Items from a data source
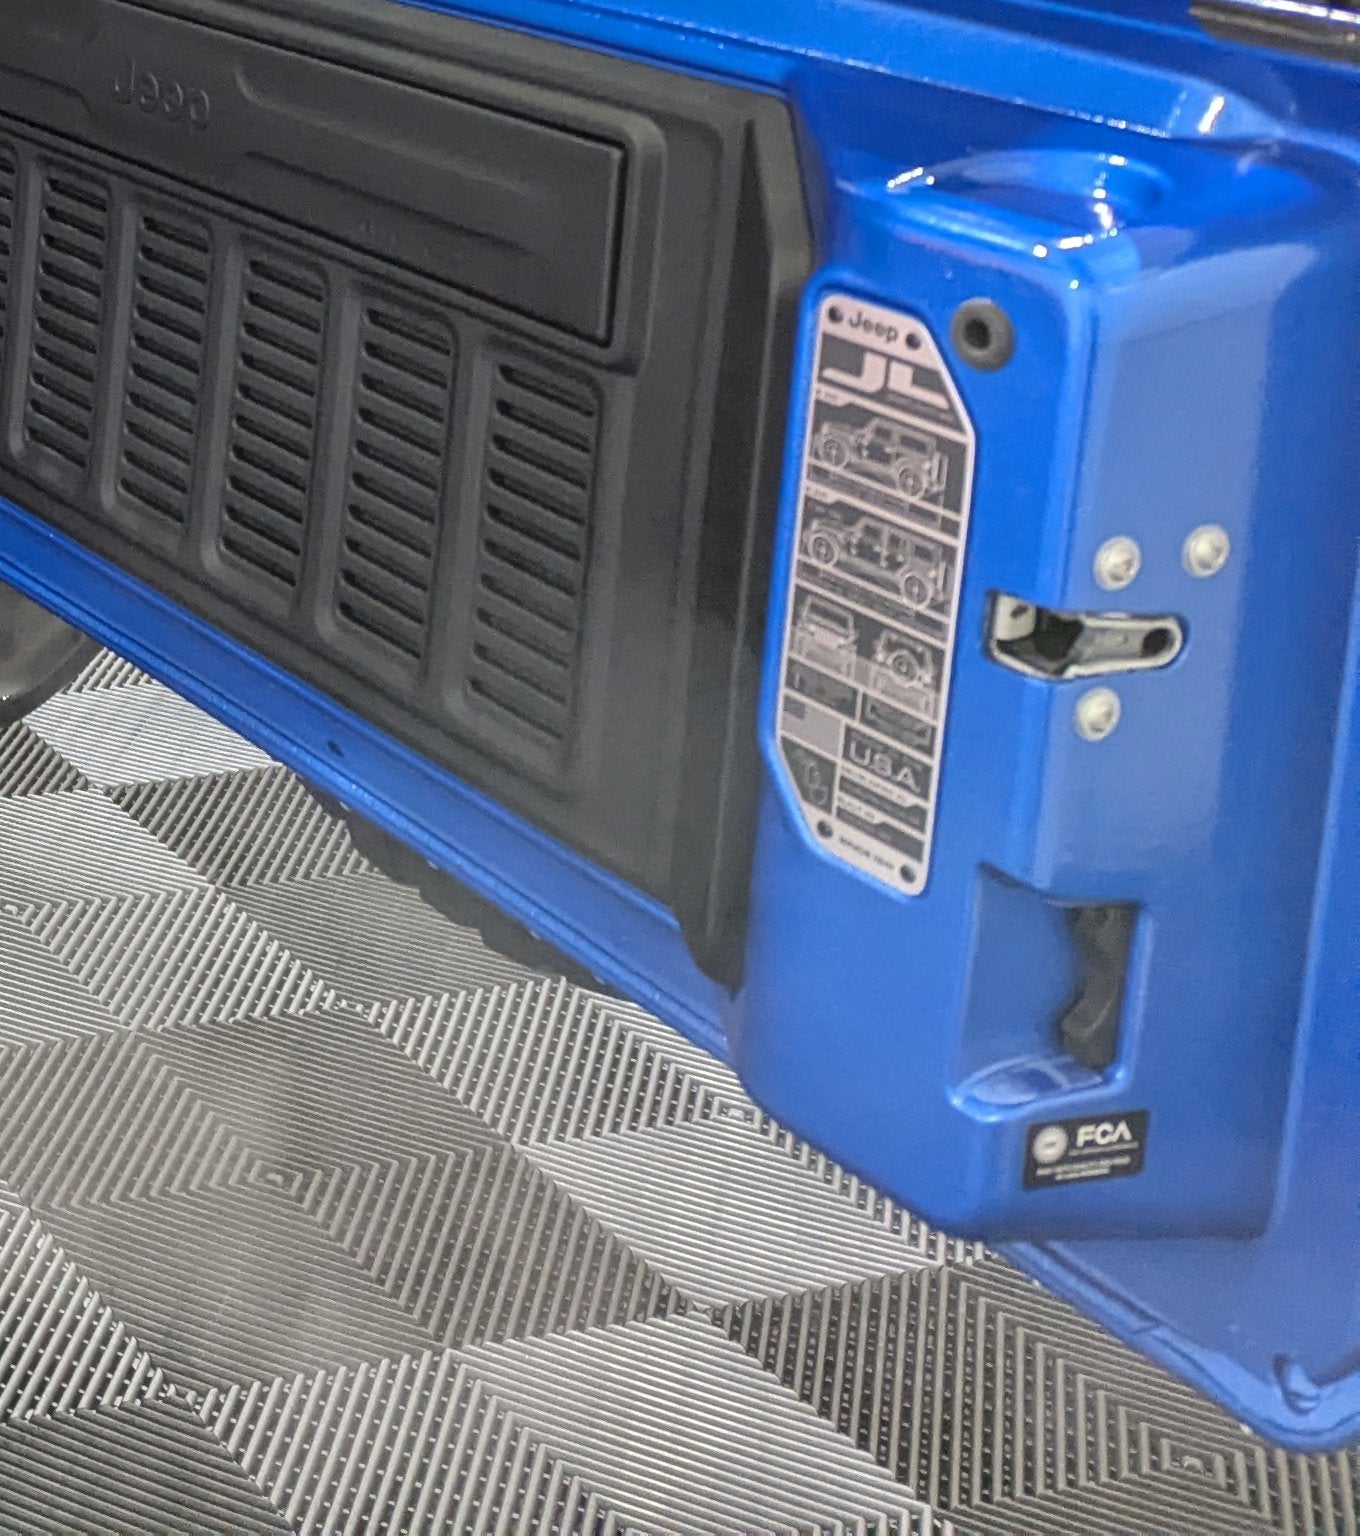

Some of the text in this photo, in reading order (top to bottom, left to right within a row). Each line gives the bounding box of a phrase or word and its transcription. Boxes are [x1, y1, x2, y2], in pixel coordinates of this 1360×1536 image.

[848, 311, 899, 343] Jeep
[821, 350, 950, 410] JL
[848, 739, 922, 795] USA
[1076, 1119, 1132, 1148] FCA
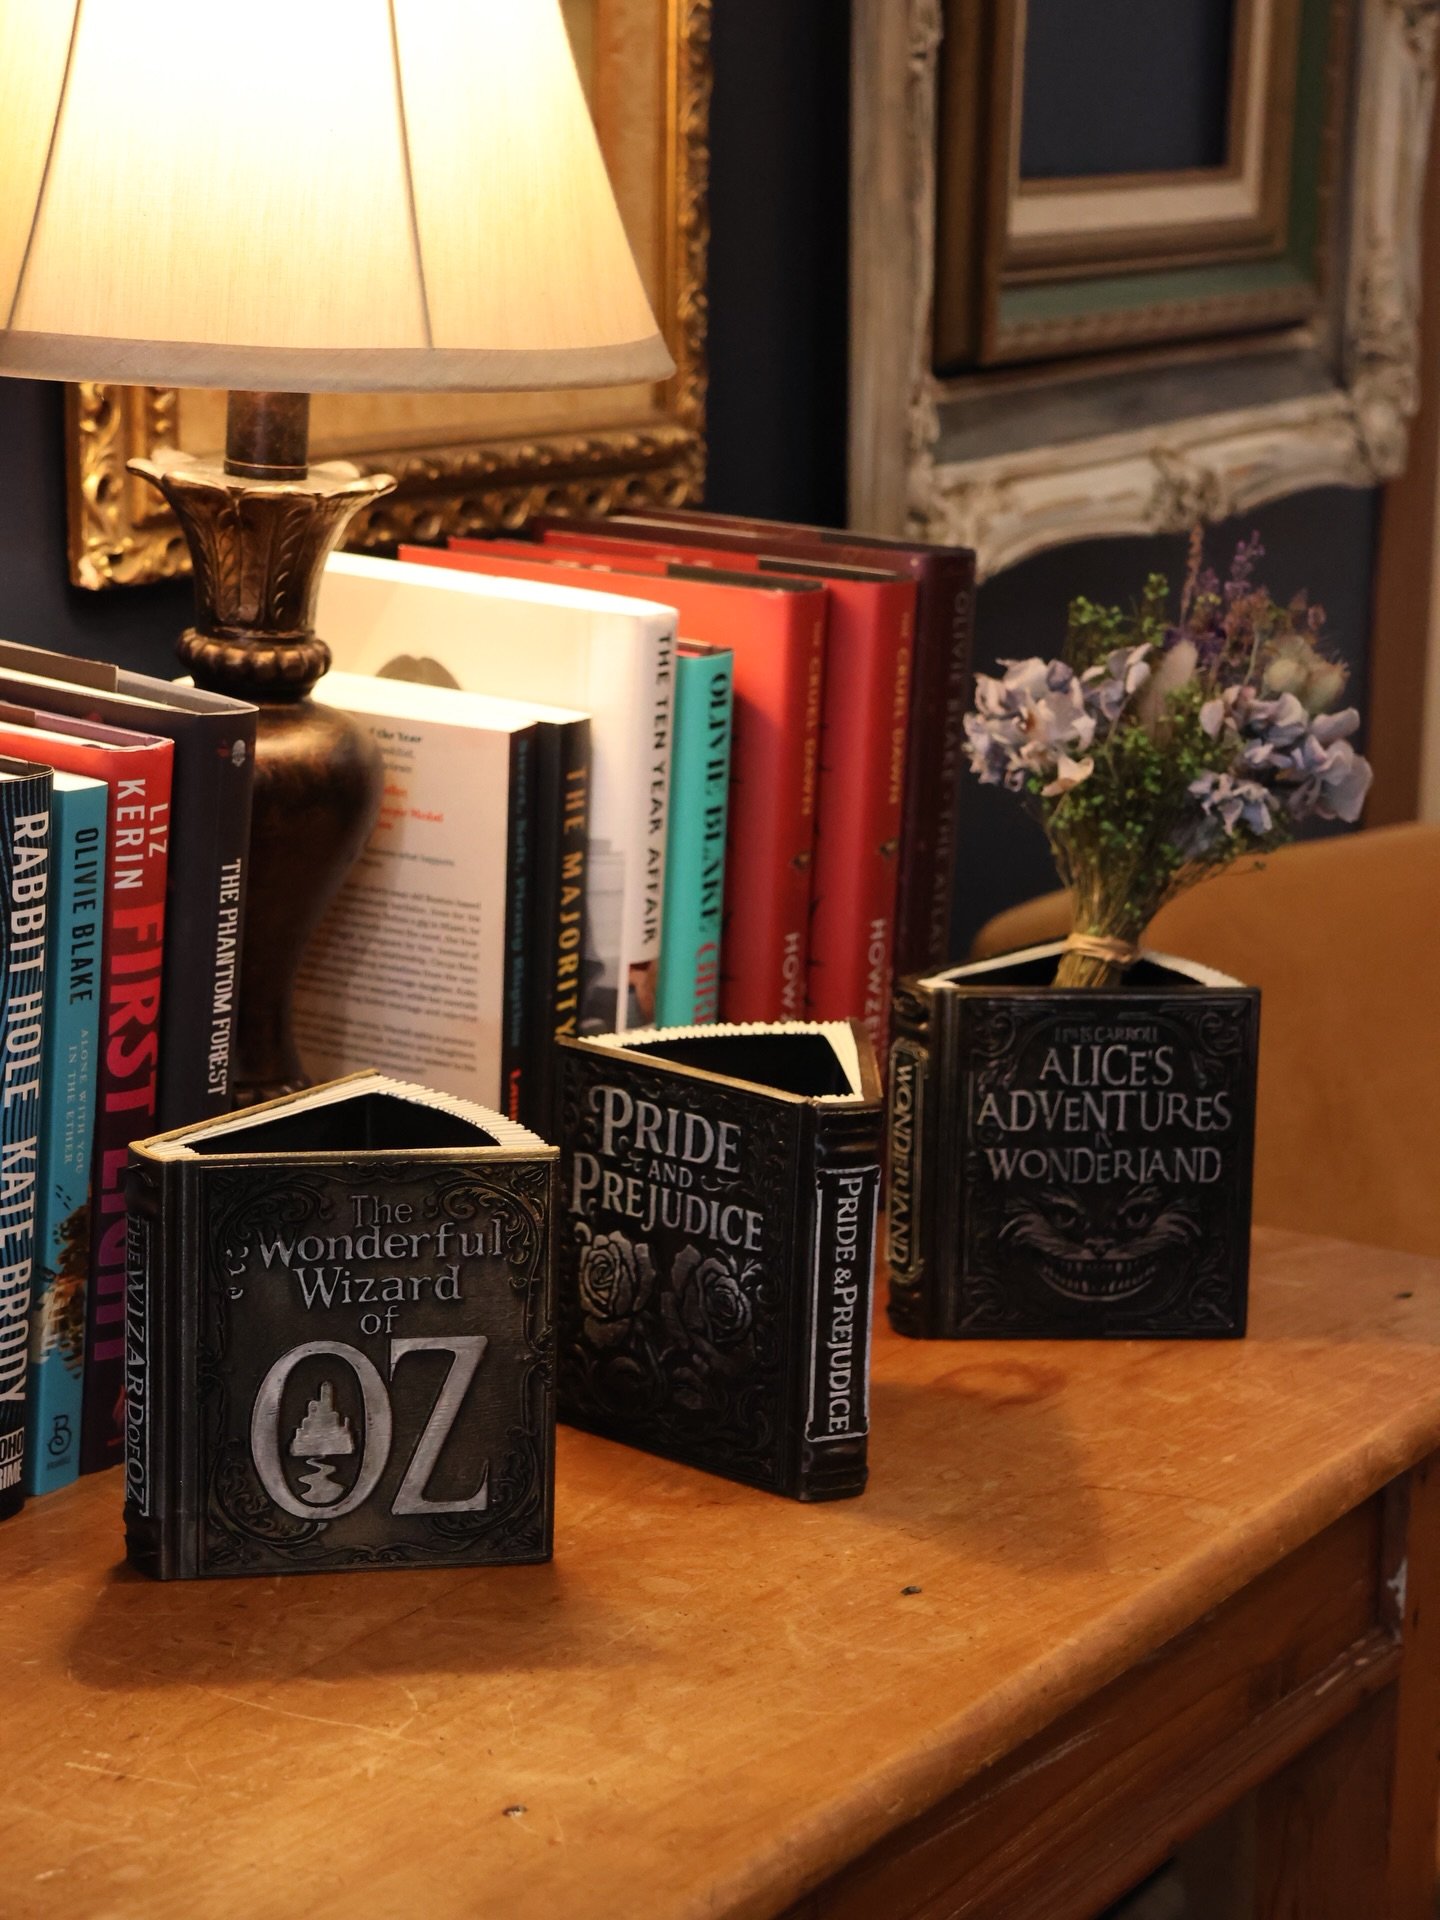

--- ABOUT THIS TASK ---
Word for word, copy all the entries above, but with no pictures.

--- EXPECTED ANSWER ---
Some of the text in this photo, in reading order (top to bottom, left to right within a row). Each line gives the bounding box of a phrase or word and its transcription. Boxes are [x1, y1, x2, y2], in pixel coordinates of this 1360×1536 image.

[848, 311, 899, 343] Jeep
[821, 350, 950, 410] JL
[848, 739, 922, 795] USA
[1076, 1119, 1132, 1148] FCA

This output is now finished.